Artificial Intelligence (2001) e Minority
Report (2002).
O grande tubarão branco, predador
alfa dos oceanos e pouco conhecido até então do grande público, foi a partir
desse momento visto, duma forma obviamente errónea, como uma ameaça natural,
uma espécie de máquina de matar e comer pessoas; ora, a desinformação, a
ignorância e a fúria acéfala levaram a que durante décadas se procedesse a uma
infame caça ao animal e a população decrescesse substancialmente em todo o
globo, sendo hoje em dia uma espécie vulnerável. Essa sede de caçada, de
sangue, de mortandade, tão própria nos humanos aliás, é a consequência obscura
da obra. Uma consequência muito negativa e significante, entenda-se, mas que
ainda assim deve ser analisada em paralelo e não pode apagar o que a obra de
Peter Benchley e sobretudo a película de Spielberg significaram para o trajecto
do cinema de entretenimento.
O medo e o desconhecimento da
criatura que ainda assim não conseguem submeter o dever cívico e profissional de Brody, o
chefe da polícia; Hooper, o biólogo marinho que pretende conhecer melhor e porventura decifrar os
comportamentos do animal; e Quint, o caçador furtivo, o especialista que tem um
passado que se cruza de forma sangrenta com tubarões – excelente referência ao
naufrágio do navio de guerra norte-americano USS Indianapolis (CA-35) em Julho de 1945, no término da Segunda
Grande Guerra, em que centenas de marinheiros perderam a vida devido a
desidratação, afogamento e ataques de tubarões.
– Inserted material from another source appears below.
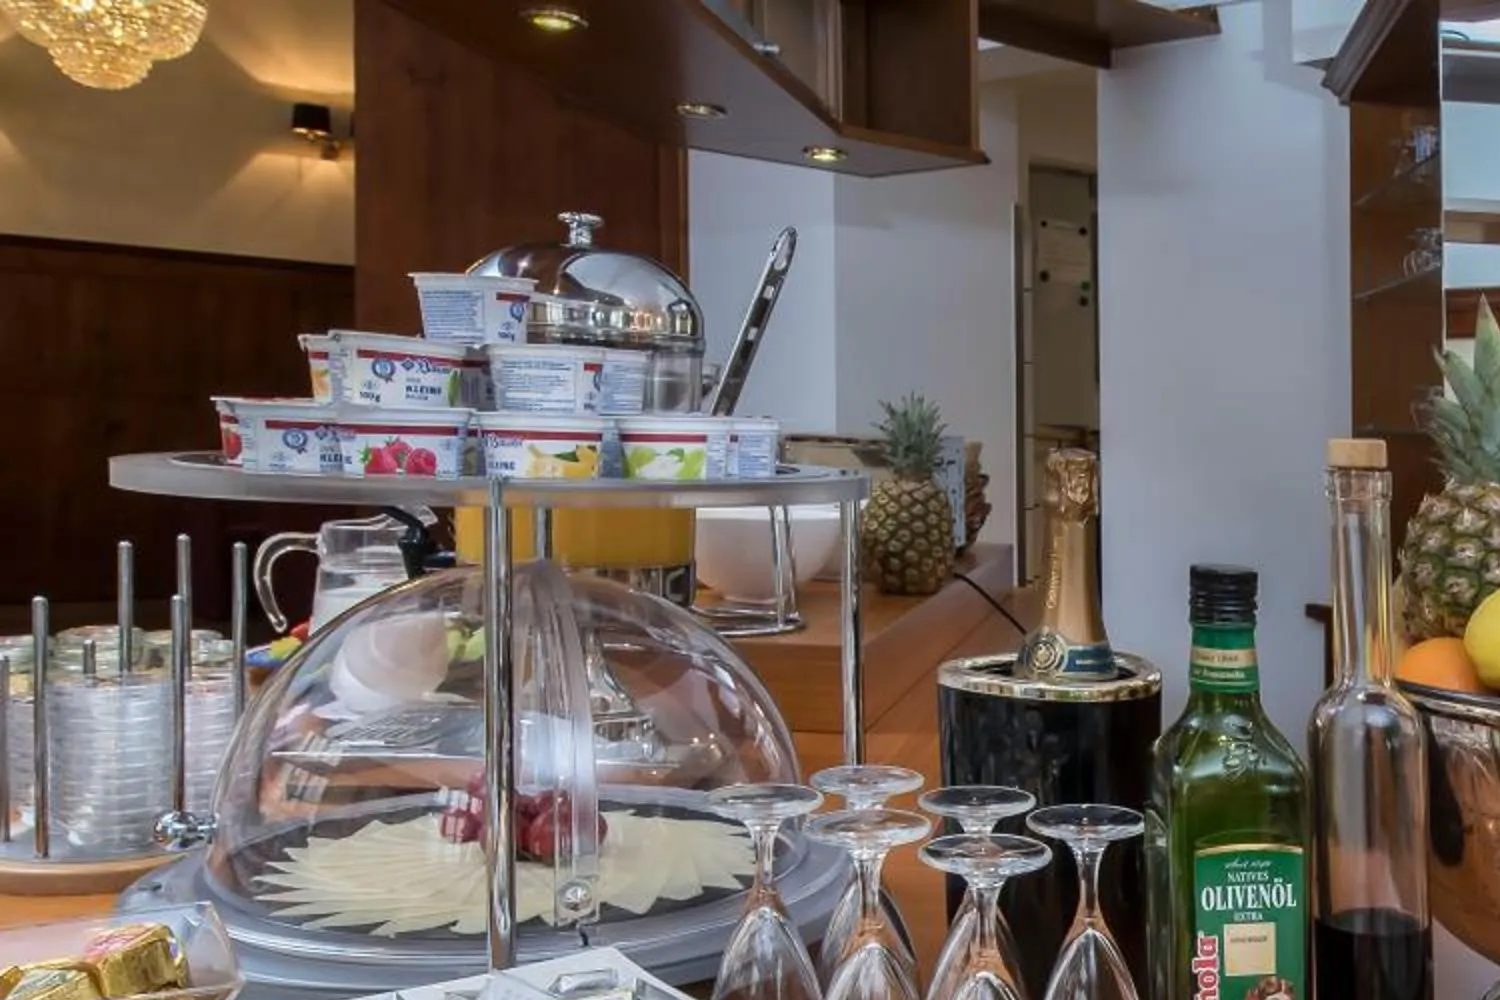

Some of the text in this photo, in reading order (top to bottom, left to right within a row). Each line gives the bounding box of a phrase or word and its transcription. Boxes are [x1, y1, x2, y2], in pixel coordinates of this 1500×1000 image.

[1227, 870, 1269, 883] NATIVES
[1201, 877, 1297, 911] OLIVENÖL
[1233, 911, 1263, 921] EXTRA
Este trio, em que sobressai um
delicioso Robert Shaw como o torturado Quint, acaba por ser a única força de
combate que a pequena vila de Amity tem para apresentar contra aquela
aparentemente indomável e vil força animal. O seu engenho e resiliência,
sempre de mãos dadas com o pânico e o terror, acabam por ser a força motriz do
filme, ao som da banda-sonora minimalista de John Williams, peça sublime
e tão hitchcockiana que simultaneamente nos transporta através do carácter
primitivo e inexorável da gesta e cria uma sensação de imprevisibilidade e
descontrolo emocional sufocantes.
Jaws, o primeiro blockbuster moderno, uma das películas que mudou
as regras do jogo e ajudou a criar uma nova indústria cinematográfica em
Hollywood, no fundo é uma história como tantas outras: Natureza contra o homem,
predador enfrenta predador. Mas quando quem enfrentamos é uma criatura tão
real, tão magnética, tão ferozmente perfeita por assim dizer, arriscamo-nos a
que se torne pedra basilar do nosso imaginário mais sombrio.
Golpes Altos: Acima de tudo algo
que não é imediato mas que é adquirido com o tempo: a importância histórica e
cultural do filme. A banda-sonora, intemporal.
Golpes Baixos: Como referi
anteriormente, a premissa da obra, descrevendo um animal selvagem como uma
máquina assassina, e todas as consequências que daí advieram – Benchley chegou a lamentar ter escrito Jaws. É claro que há
variadíssimas falhas técnicas (começando pelo próprio tubarão, exageradamente
grande e disforme), mas não podemos esquecer que corria o ano de 1975. Já muito fez Spielberg.